MATERIAL FOR THIS TASK:
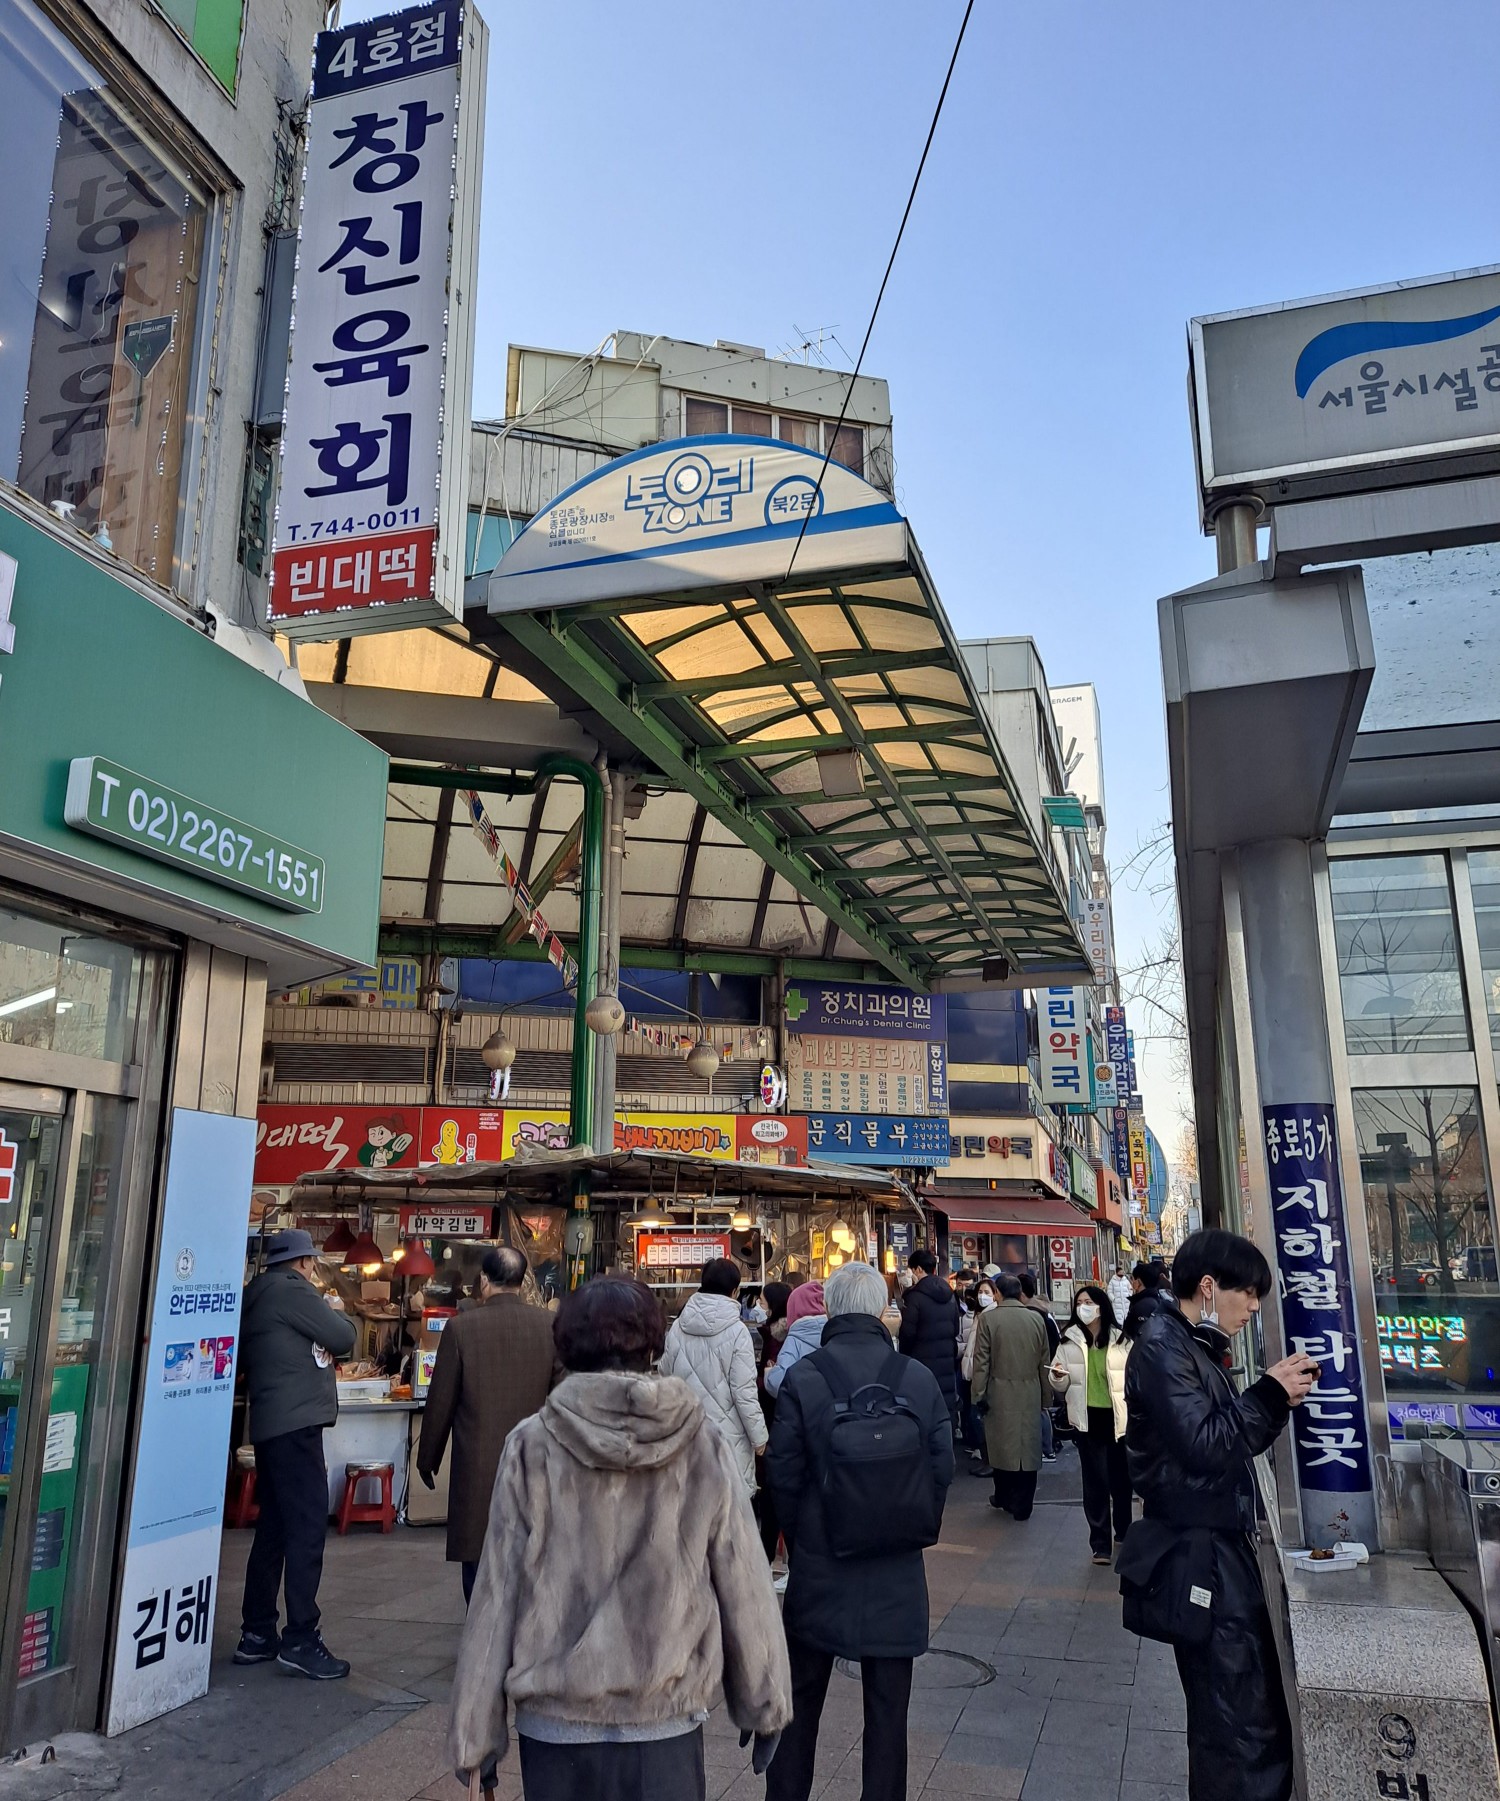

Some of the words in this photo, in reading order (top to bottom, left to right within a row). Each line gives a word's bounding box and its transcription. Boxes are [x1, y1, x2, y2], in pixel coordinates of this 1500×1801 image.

[327, 11, 446, 79] 4호점
[303, 100, 445, 507] 창신육회
[287, 507, 420, 542] T.744-0011
[643, 494, 733, 534] ZONE
[772, 491, 816, 514] 북2문
[289, 543, 418, 603] 빈대떡
[96, 770, 121, 818] T
[127, 787, 320, 902] 02)2267-1551
[820, 990, 932, 1019] 정치과의원
[820, 1016, 870, 1027] Dr.Chung's
[873, 1019, 903, 1028] Dental
[906, 1021, 931, 1030] Clinic
[805, 1038, 924, 1072] 패션맞춤프라자
[930, 1045, 944, 1100] 동양금박
[1265, 1115, 1333, 1165] 종로5가
[414, 1216, 478, 1232] 마약김밥
[1276, 1178, 1342, 1311] 지하철
[169, 1292, 237, 1316] 안티푸라민
[1289, 1329, 1364, 1470] 타는곳
[132, 1574, 212, 1670] 김해
[1377, 1712, 1417, 1761] 9
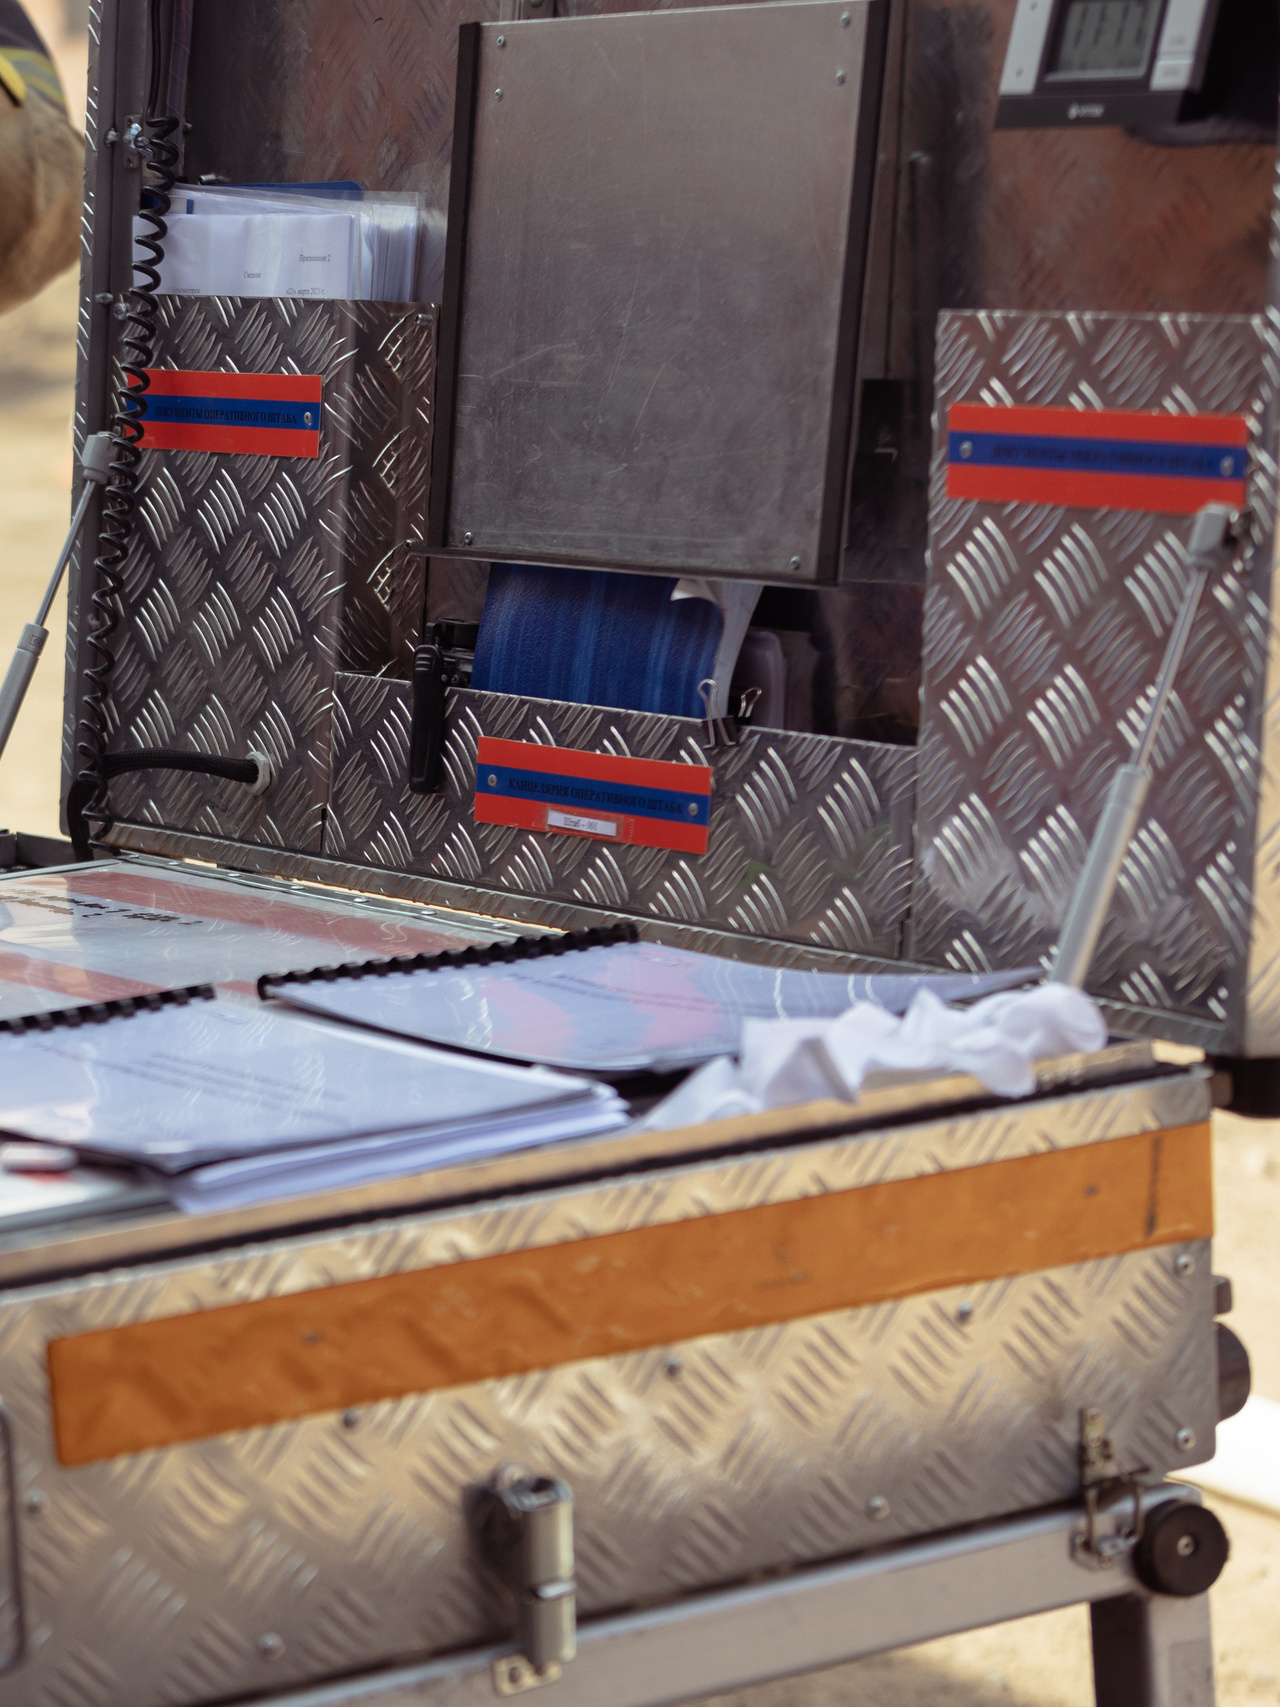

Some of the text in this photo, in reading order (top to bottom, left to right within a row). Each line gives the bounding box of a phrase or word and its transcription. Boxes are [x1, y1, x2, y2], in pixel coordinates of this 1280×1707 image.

[154, 406, 297, 424] ДОКУМЕНТЫ ОПЕРАТИВНОГО ШТАБА
[509, 778, 682, 814] КАНЦЕЛЯРИЯ ОПЕРАТИВНОГО ШТАБА
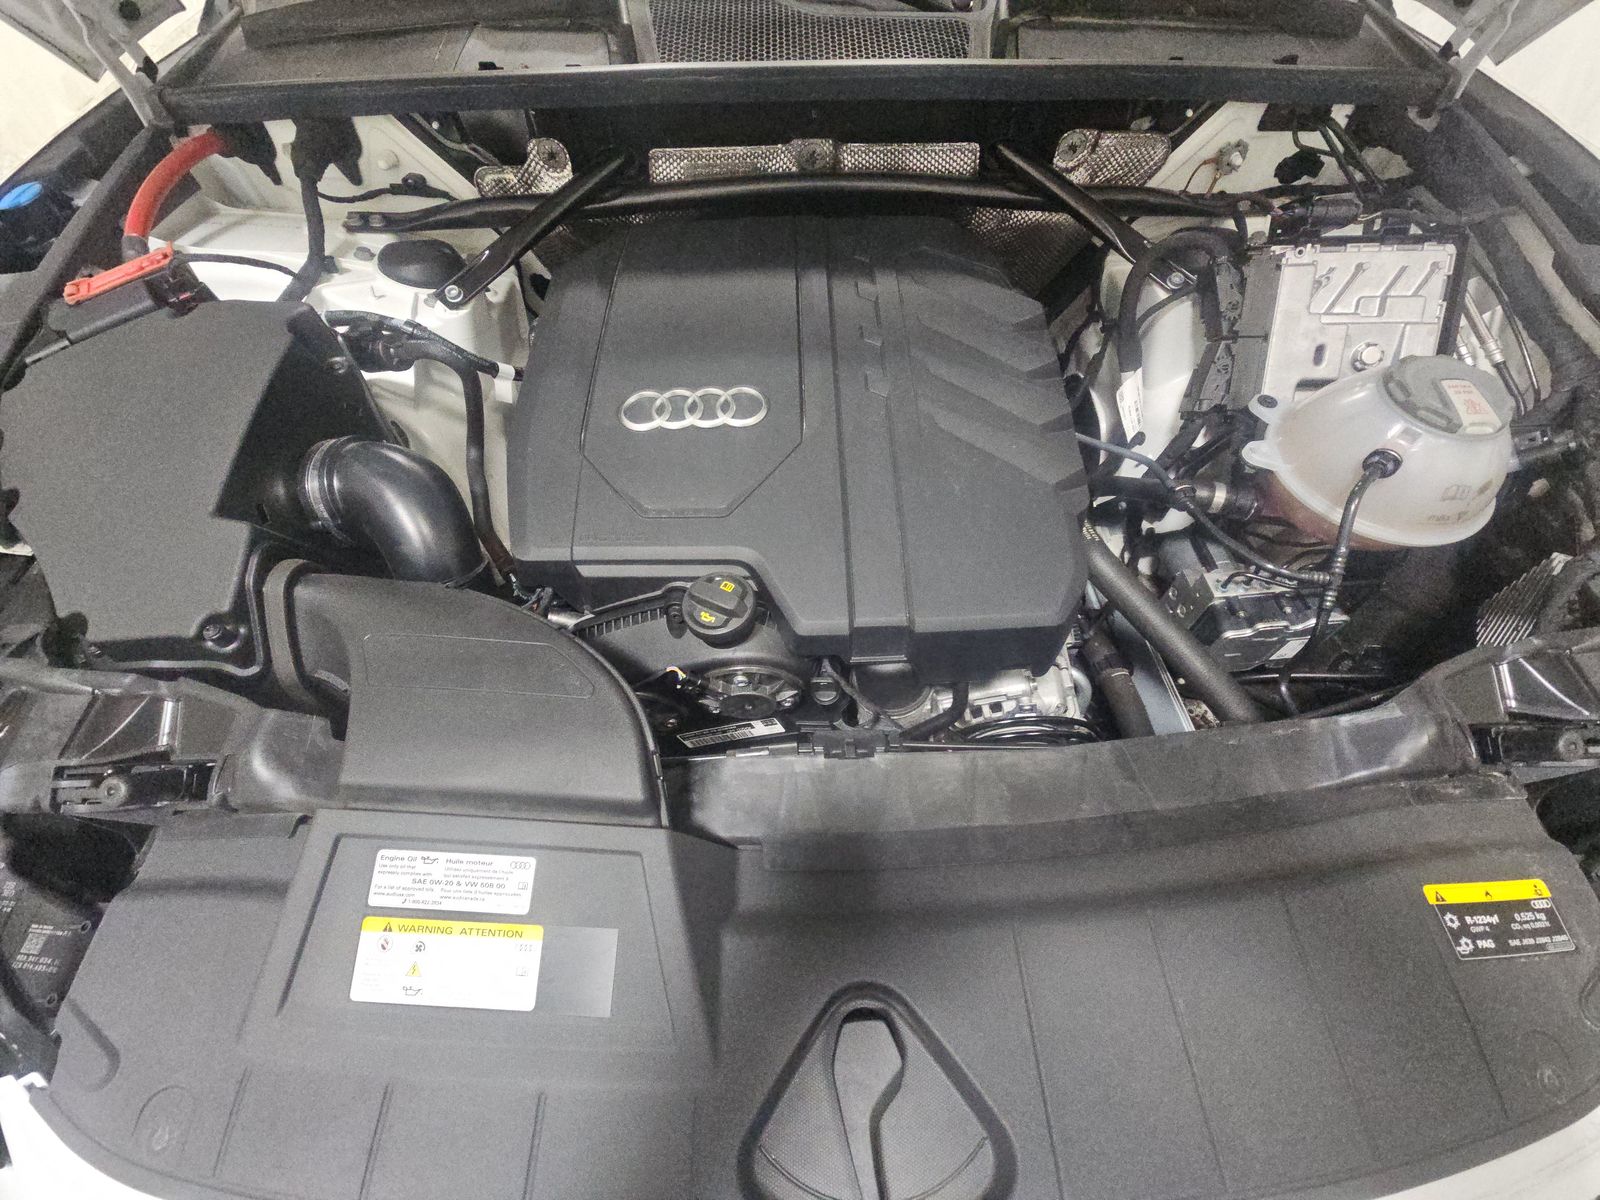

REQUIREMENT:
Return the material exactly as given above, picture-free.

EXERCISE ANSWER:
Some of the words in this photo, in reading order (top to bottom, left to right within a row). Each line gives a word's bounding box and its transcription. Boxes are [x1, y1, x2, y2], in pixel coordinates of this 1500×1801 image.

[327, 11, 446, 79] 4호점
[303, 100, 445, 507] 창신육회
[287, 507, 420, 542] T.744-0011
[643, 494, 733, 534] ZONE
[772, 491, 816, 514] 북2문
[289, 543, 418, 603] 빈대떡
[96, 770, 121, 818] T
[127, 787, 320, 902] 02)2267-1551
[820, 990, 932, 1019] 정치과의원
[820, 1016, 870, 1027] Dr.Chung's
[873, 1019, 903, 1028] Dental
[906, 1021, 931, 1030] Clinic
[805, 1038, 924, 1072] 패션맞춤프라자
[930, 1045, 944, 1100] 동양금박
[1265, 1115, 1333, 1165] 종로5가
[414, 1216, 478, 1232] 마약김밥
[1276, 1178, 1342, 1311] 지하철
[169, 1292, 237, 1316] 안티푸라민
[1289, 1329, 1364, 1470] 타는곳
[132, 1574, 212, 1670] 김해
[1377, 1712, 1417, 1761] 9

Some of the text in this photo, in reading order (top to bottom, left to right within a row). Each line gives the bounding box of a phrase or word and its transcription. Boxes are [x1, y1, x2, y2], in pixel coordinates of this 1280×1707 image.

[154, 406, 297, 424] ДОКУМЕНТЫ ОПЕРАТИВНОГО ШТАБА
[509, 778, 682, 814] КАНЦЕЛЯРИЯ ОПЕРАТИВНОГО ШТАБА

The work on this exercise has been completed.